Abstract

Cs4O6 is a mixed-valence molecular oxide with a cubic structure, comprising valency-delocalized O24/3- units and with properties highly sensitive to cooling protocols. Here we use neutron powder diffraction to authenticate that, while upon deep quenching the cubic phase is kinetically arrested down to cryogenic temperatures, ultraslow cooling results in an incomplete structural transition to a contracted tetragonal phase. Two dioxygen anions in a 1:2 ratio are identified, providing evidence that the transition is accompanied by charge and orbital order and stabilizes a Robin-Day Class II mixed-valence state, comprising O22- and O2- anions. The phenomenology of the phase change is consistent with that of a martensitic transition. The response of the low-temperature phase assemblage to heating is complex, involving a series of successive interconversions between the coexisting phases.

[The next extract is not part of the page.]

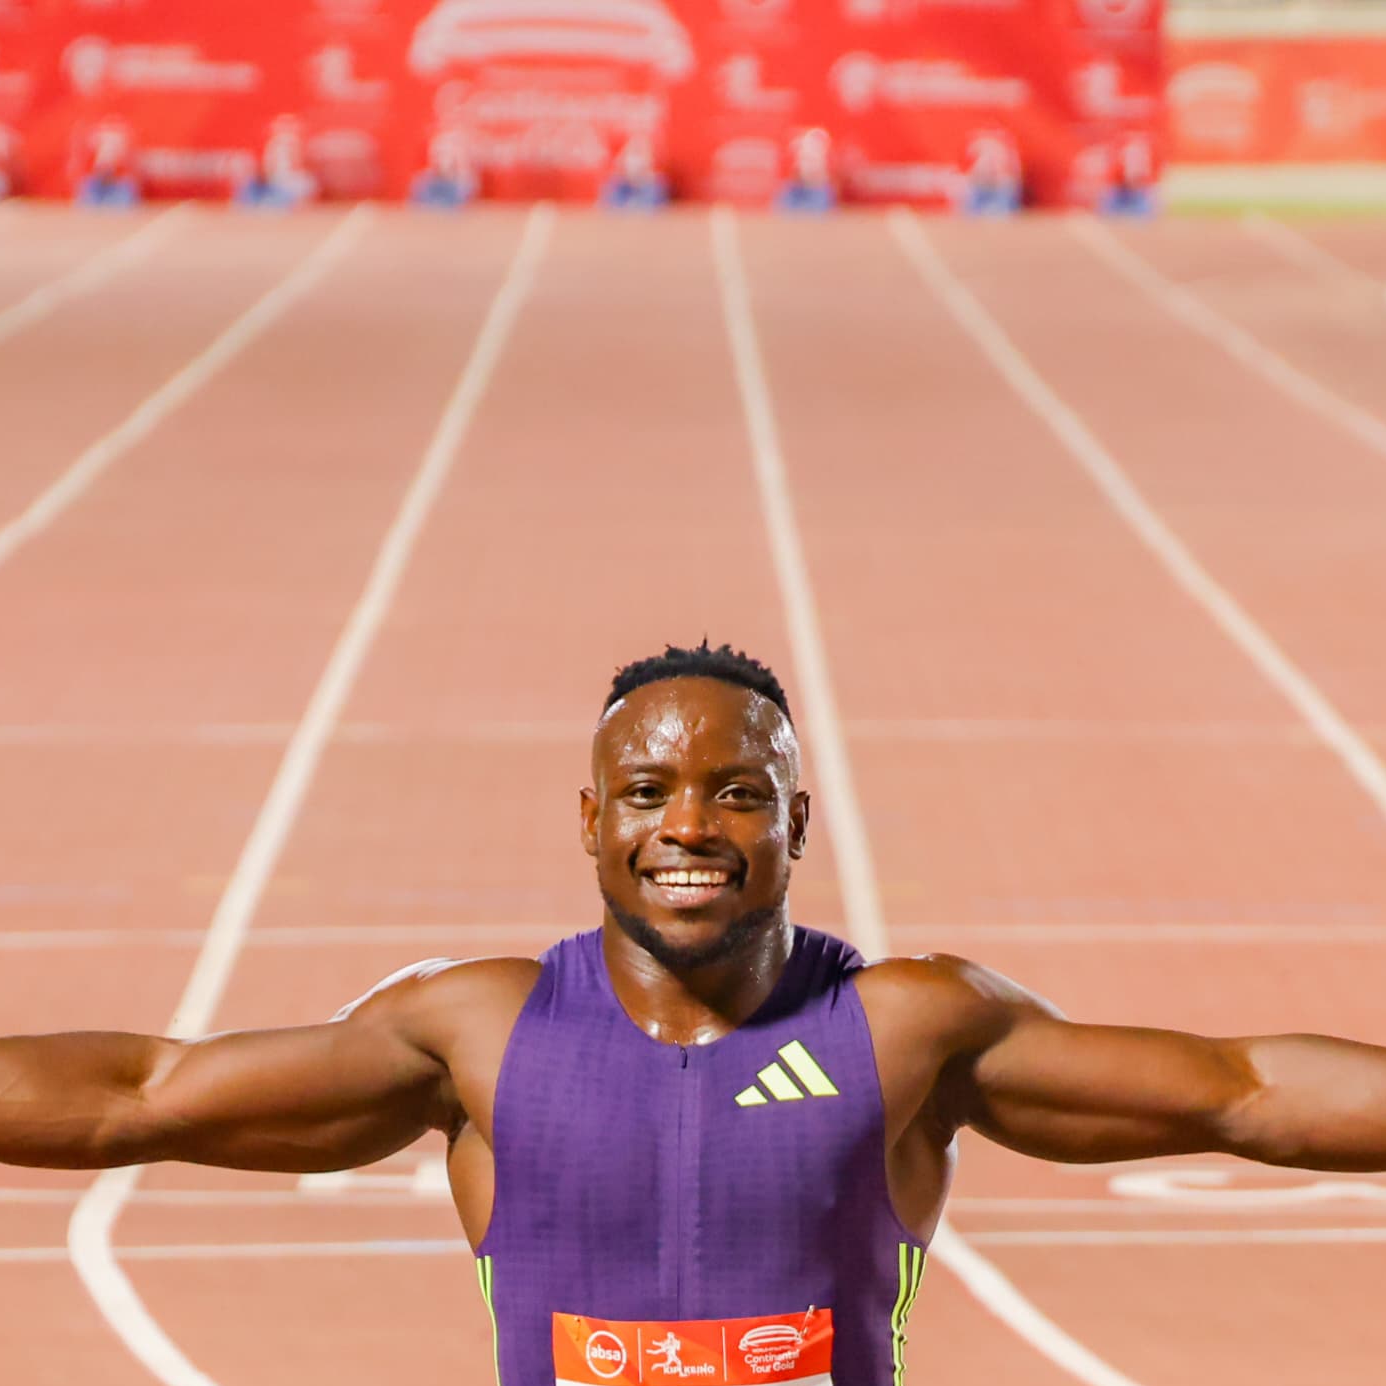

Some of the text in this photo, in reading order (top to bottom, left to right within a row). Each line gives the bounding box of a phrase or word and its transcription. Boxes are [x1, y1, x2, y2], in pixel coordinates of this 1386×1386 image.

Notably, a broad interconversion plateau is present near 260 K, signifying reentrant kinetic arrest of the tetragonal phase upon heating because of the combined effects of increased steric hindrance for molecular rotation and melting of charge and orbital order. The geometrically frustrated pyrochlore lattice adopted by the paramagnetic S = 1/2 O2- units provides an intimate link between the crystal and magnetic properties of charge-ordered Cs4O6, naturally accounting for the absence of magnetic order.